Starting next month, a new action-oriented series of events will offer concerned residents a chance to take direct action on transportation issues, and network with neighbors and local representatives about what our next steps as a city could be.

We talked with Mitchell about his plans for the Climate Action Lab, which will kick off its first session in Columbia City on Saturday, July 12. Mitchell, who winces at the thought of being "talked at," intends to minimize time that attendees sit and listen to speakers, and arranged a schedule where most of the talking is done in small-group breakout sessions.

The initial session's theme is "Transportation Shift," so the topic-oriented small groups, co-led by experienced facilitators and climate experts, will discuss a range of transportation related issues: bicycling, land use, pedestrians, funding options, transit (with a heavy focus on Bus Rapid Transit), and climate change. The goal, Mitchell says, is to inspire groups to consider what's possible that does not yet exist in Seattle, familiarize individuals with the local transportation realities and identify the concrete leverage points for grassroots action over the next 6-12 months.

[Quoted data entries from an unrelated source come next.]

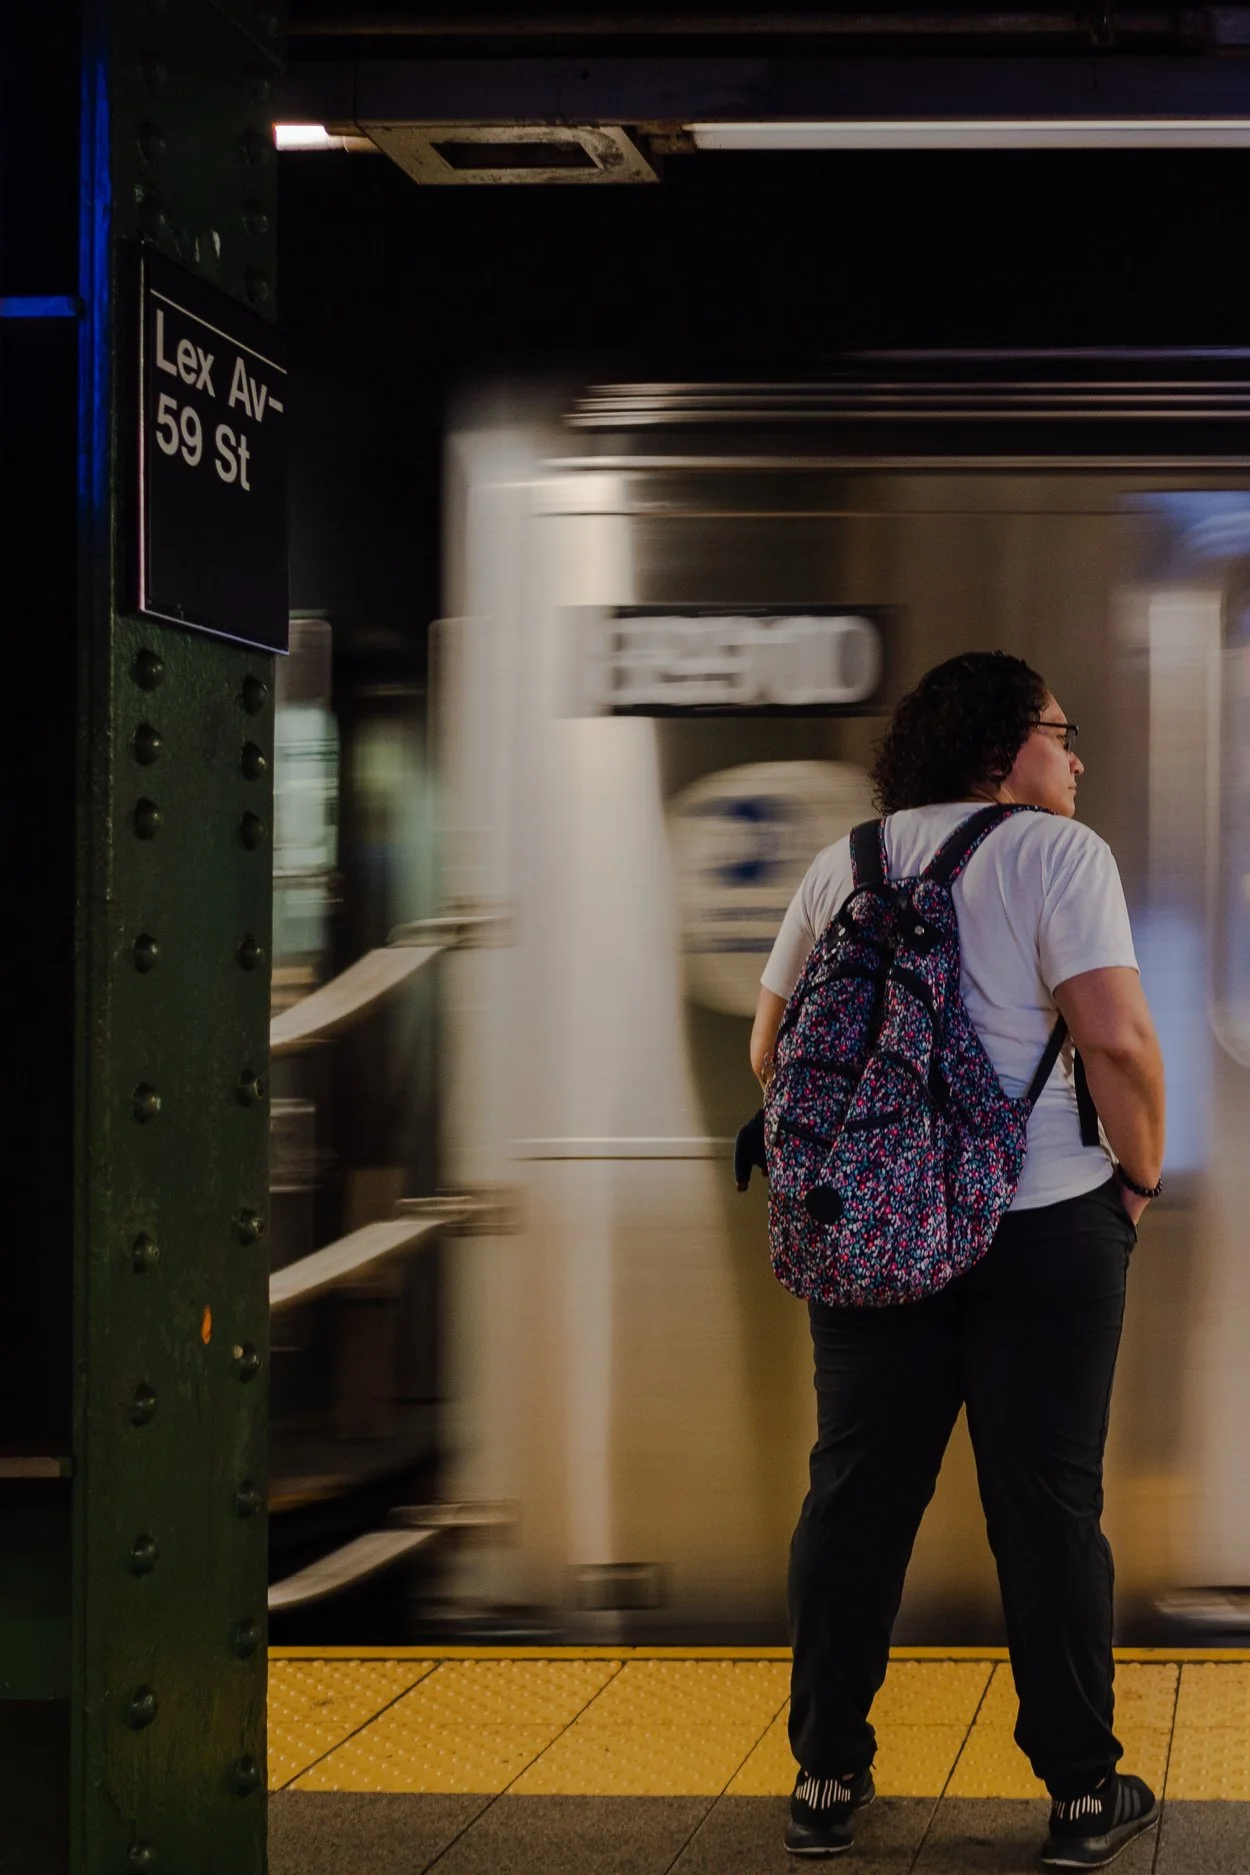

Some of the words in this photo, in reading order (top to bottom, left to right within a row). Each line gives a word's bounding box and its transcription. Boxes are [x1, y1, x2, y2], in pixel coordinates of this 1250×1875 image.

[156, 309, 216, 398] Lex
[228, 357, 284, 423] Av-
[156, 392, 203, 468] 59
[214, 423, 251, 491] St
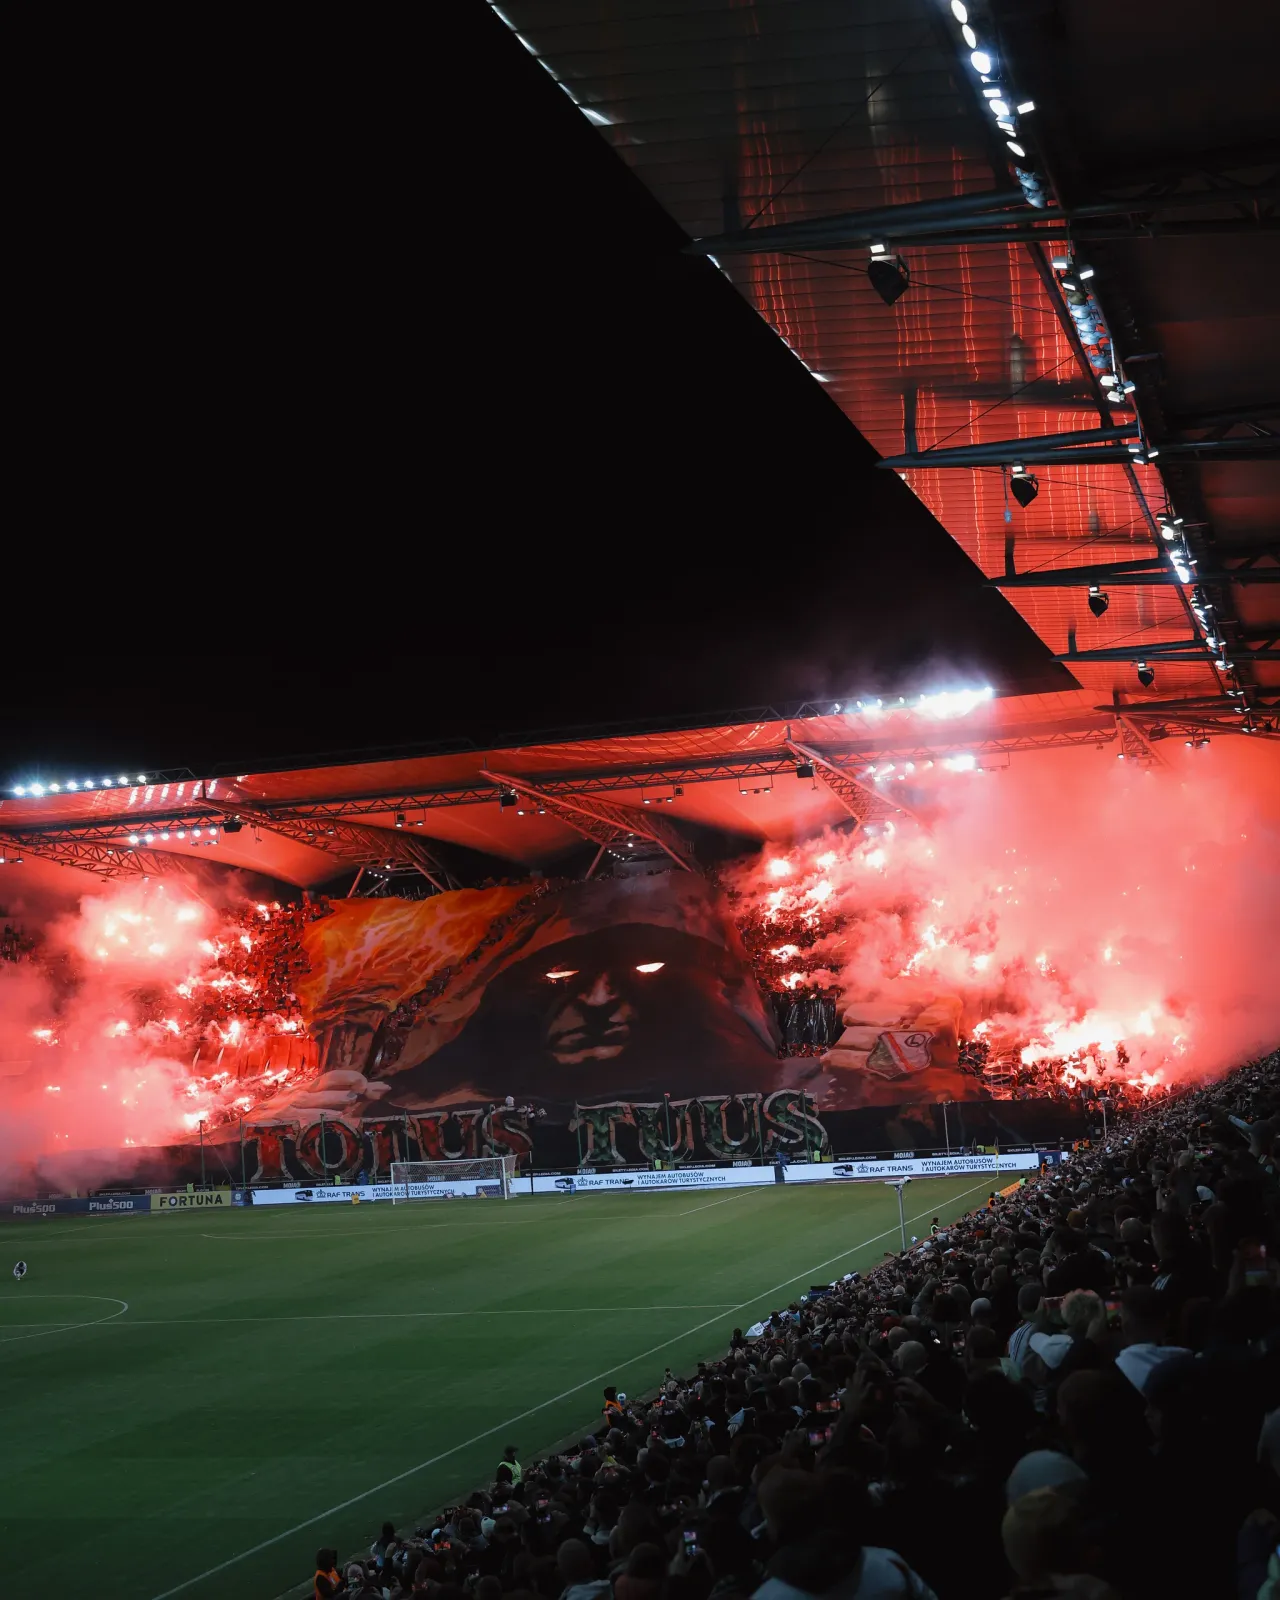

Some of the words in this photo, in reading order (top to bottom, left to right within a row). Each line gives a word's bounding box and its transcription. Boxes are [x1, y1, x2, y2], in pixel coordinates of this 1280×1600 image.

The lab is designed to funnel attendees directly into civic action that transcends signing petitions or even marching in the street. Participants will shape the primary agenda for action themselves, but the event will offer three "pre-fab" options for immediate action:

Adopt-a-Legislator: "By building relationships, well-informed constituents can bring information and resources to their electeds," Mitchell says. Political officials aren't experts on every issue, and a little bit of dialogue from someone knowledgeable can go a long way. Citizens who agree to "adopt" their local policy-makers will commit to making contact outside of a particular issue agenda, just to introduce themselves and their group, then form a relationship and stay in contact as issues come up.

LTE (Letters to the Editor) Team: Writing letters to the editor is a resourceful way to make an impact in the local press. This team will dedicate themselves to responding to current issues in a timely and persuasive manner.

Public Meetings and Campaign Stops: The issues that shape our city are often discussed in public meetings, which are open to anyone who would like to stop in. But when these meetings are poorly attended, special interests and companies who can afford to send people to voice their opinions get a disproportionate share of attention. This team will commit to attending public sessions, and speaking up on behalf of Seattle citizens concerned about progressive response to climate change.

The lab will offer plenty of other opportunities for participants to engage in the local sustainability scene as well. Representatives from City of Seattle government departments will be there, along with members of local action groups like Sustainable South Seattle and Seattle Great City Initiative. Should you feel compelled to plug some of your own time into volunteering with one of these organizations, you'll be in the right place to build your own connections.

Mitchell, a former software developer who holds a Ph.D. in cognitive science, is a founding member of the citizen's network 2people.org, a web-based connection forum that pairs people with ideas, groups and actions to combat climate change (and also currently provides the manpower behind Seattle's Climate Dialogues).

People already have the right ideas about what it will take to advance Seattle into a sustainable future. Now, Mitchell says, "we need to close the gap between intention and action."